In the initial diagnostic approach, anamnesis and physical examination should first focus on the identification of elements suggestive of infections. These include the acute onset, local pain and inflammation (such as soft consistency and free mobility of lymph nodes on the subcutaneous regions), and risk factors for zoonosis. In patients with clearly suspected infectious lymphoproliferation, the choice of performing laboratory investigations and/or ultrasound depends on the clinical picture and individual condition (Figure 1). However, it is pivotal to remark that, when bacterial lymphadenitis is highly suspected, prompt empirical therapy should be initiated independently from the diagnostic assessment.

Figure 1 First-level approach to patients presenting with lymphoproliferation.

Abbreviations: CMV, Cytomegalovirus; CRP, C-reactive protein; CT, Computed tomography; EBV, Epstein-Barr virus; ESR, Erythrocyte sedimentation rate; GAS, Group A Streptococcus, HLH, Hemophagocytic lymphohistiocytosis; IGRA, Interferon-gamma release assay; NTM, Nontuberculous mycobacteria; PET, Positron emission tomography; TST, tuberculin skin test; US, Ultrasound.

Notes: This algorithm identifies the patients with a clinical picture suggestive for infection (green boxes) and malignancy (red boxes) and those with a less defined clinical picture (yellow boxes). The diagnostic approach for patients with suspected infection or malignancy is provided, evidencing that first-level analysis and US imaging are mandatory in patients with high risk of malignancy. On the other hand, when infection is suspected, the choice about performing laboratory and imaging investigations relies on the individual situation. Patients without a clearly defined diagnosis should be periodically re-assesses and eventually undergo further investigations. *There is no uniform consensus regarding the need to perform prolonged antibiotic treatment in NTM lymphadenitis, and some authors suggest to perform only clinical observation. **PET and CT can be performed also before lymph nodal biopsy based on the clinical judgement.

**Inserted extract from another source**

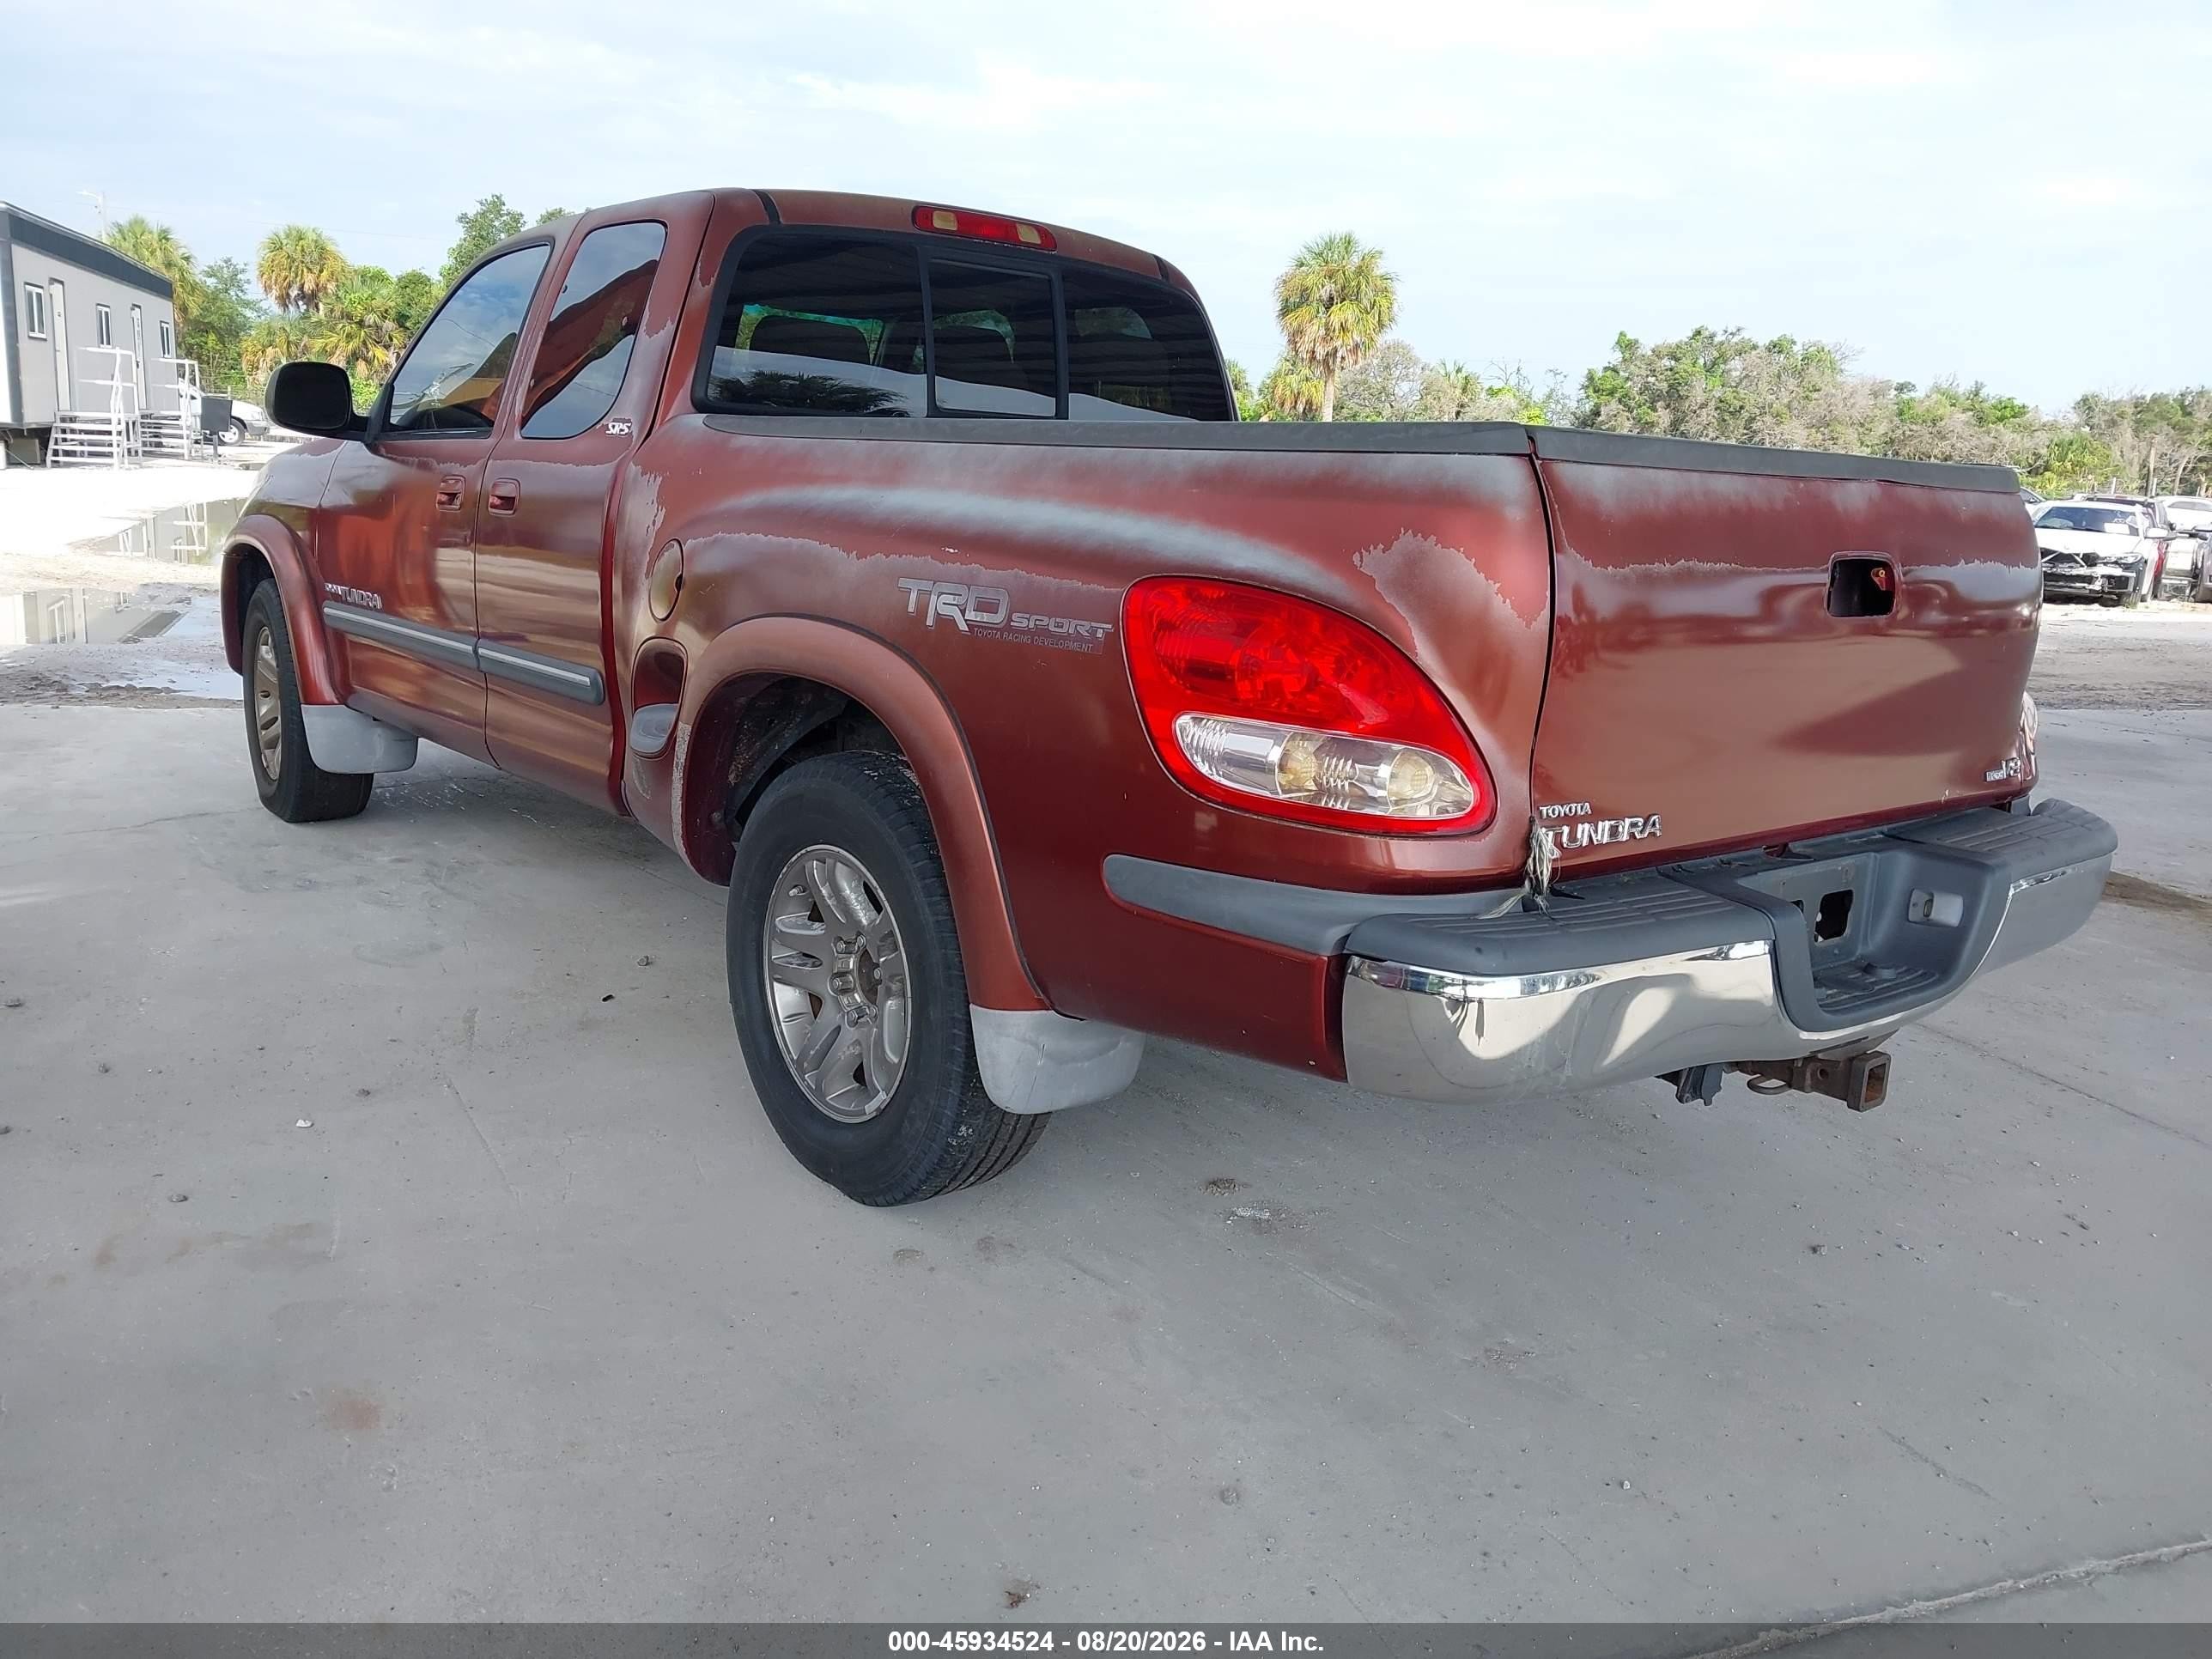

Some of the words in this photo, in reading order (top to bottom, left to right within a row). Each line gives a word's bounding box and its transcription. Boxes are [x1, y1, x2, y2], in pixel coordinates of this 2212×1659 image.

Among the main warning signs to suspect malignant lymphoproliferation, the chronic and progressive course of the disease, and the association with systemic involvement (fever, weight loss, itching, night sweating) should always be investigated. However, the sensibility of these signs is limited.15,16 Concerning physical assessment, as a general rule, in patients with malignancy lymph nodes present enhanced consistency and are nonpainful and without mobility on the lower plans, in the absence of signs of local inflammation.22 The simultaneous presence of mediastinal enlargement is strongly suggestive of malignancy, as well as the finding of supraclavicular lymph nodes. When lymphoma is suspected, performing an abdomen ultrasound (US) and chest X-ray is mandatory to evidence the involved areas.23 Laboratory investigations are often non-specific for the diagnosis of lymphoma. They typically show elevation of inflammatory markers (specifically, ESR), that can be associated with chronic, microcytic anemia and leukocytosis. On the other hand, the laboratory picture is generally highly suggestive in the case of acute leukemia and HLH.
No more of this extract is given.